Roc and a Hard Place
- First edition
- Author: Piers Anthony
- Cover artist: Darrell K. Sweet Carol Russo Design
- Language: English
- Genre: Fantasy novel
- Publisher: TOR Books
- Publication date: October 1995
- Publication place: United States
- Media type: Print (hardcover and paperback)
- Pages: 312 pp (hardcover 1st ed.)
- ISBN: 0-312-85392-0
- OCLC: 32698441
- Dewey Decimal: 813/.54 20
- LC Class: PS3551.N73 R64 1995
- Preceded by: Geis of the Gargoyle
- Followed by: Yon Ill Wind

= Roc and a Hard Place =

1995 novel by Piers Anthony

Roc and a Hard Place is the nineteenth book of the Xanth series by Piers Anthony.

==Plot==
One year after the events of Geis of the Gargoyle, Demoness Metria, whilst making her husband Veleno deliriously happy, finds that the stork will not acknowledge her summons.
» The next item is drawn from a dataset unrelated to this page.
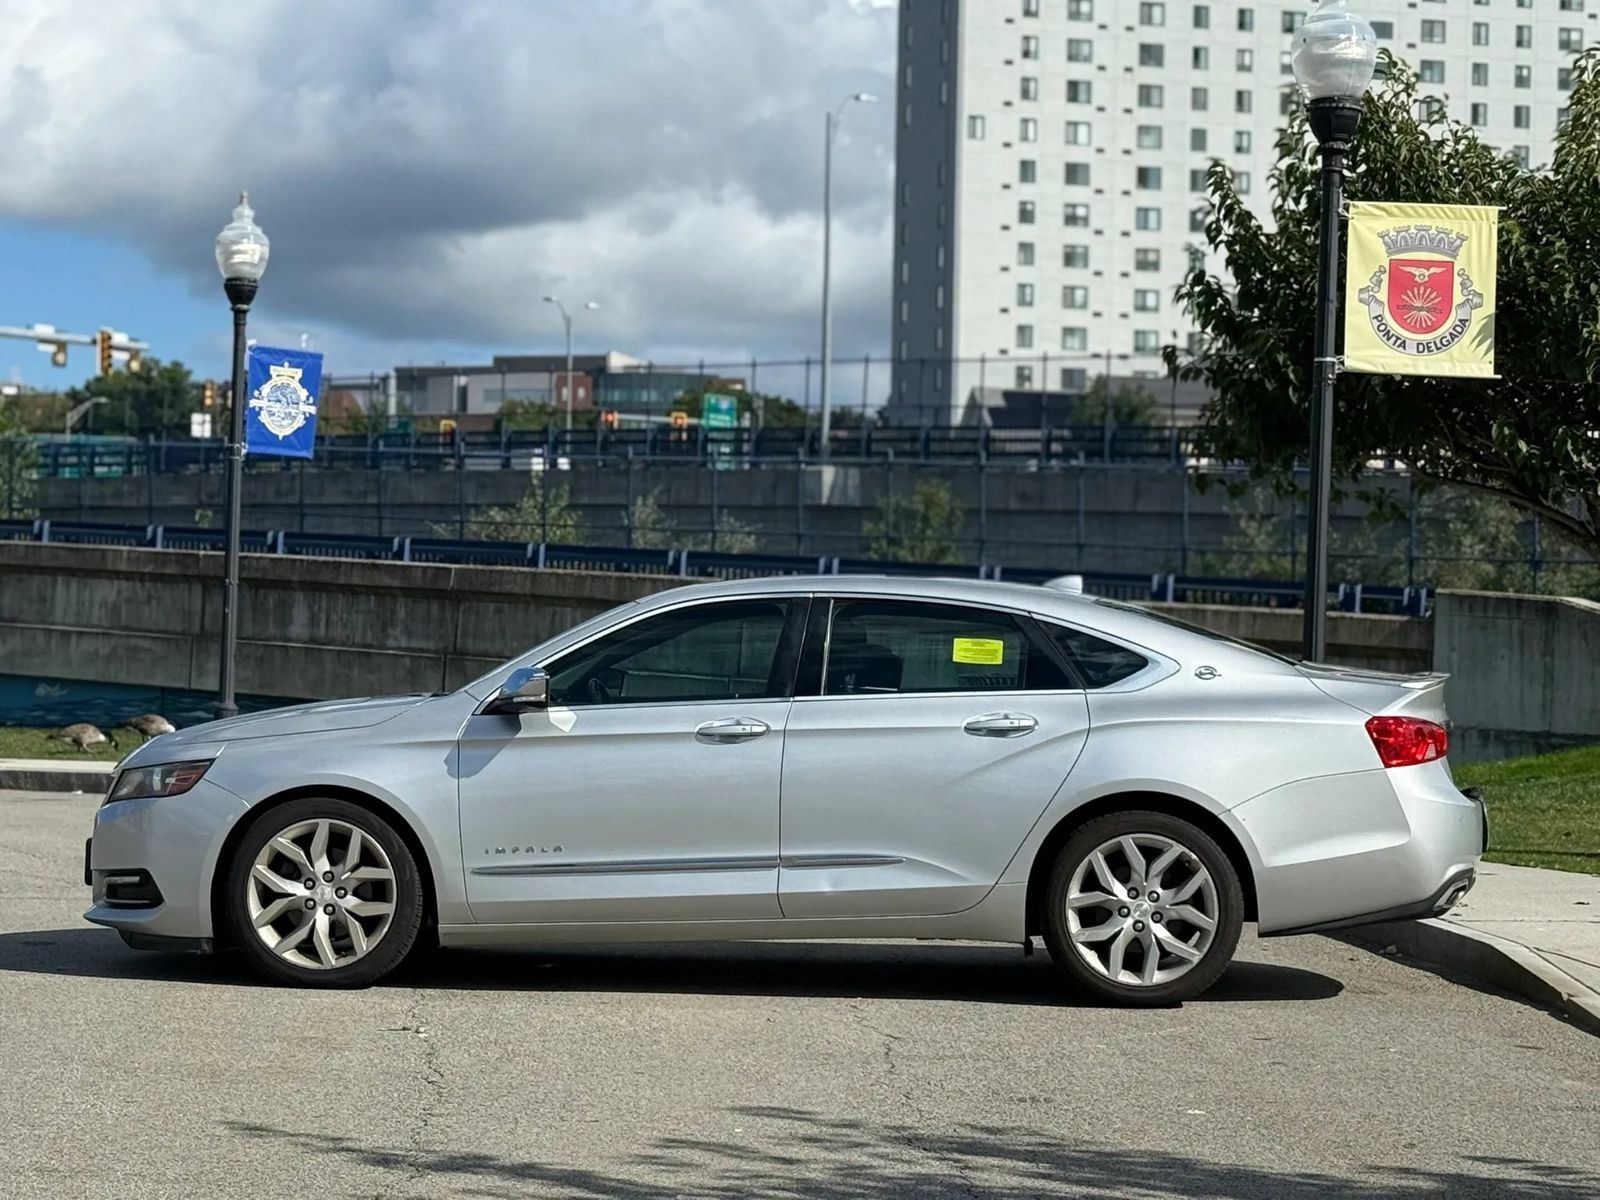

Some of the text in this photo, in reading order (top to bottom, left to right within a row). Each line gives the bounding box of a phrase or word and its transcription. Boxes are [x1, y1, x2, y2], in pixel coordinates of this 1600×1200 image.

[1372, 314, 1469, 354] PONTA DELGADA
[484, 845, 563, 855] IMPALA
Seeking to summon the stork, Metria (and her worse half, D. Mentia) are sent on a quest by the Good Magician Humphrey. Metria is then tasked by the Simurgh to deliver a bag's worth of summons to their respective citizens of Xanth in order to hold a trial for Roxanne Roc. All that remains is to find out why Roxanne Roc is on trial as Metria meets with many old Xanth characters, including Grundy Golem, Sorceress Iris, Magician Trent, Gray Murphy, Jordan the Barbarian and Desiree Dryad.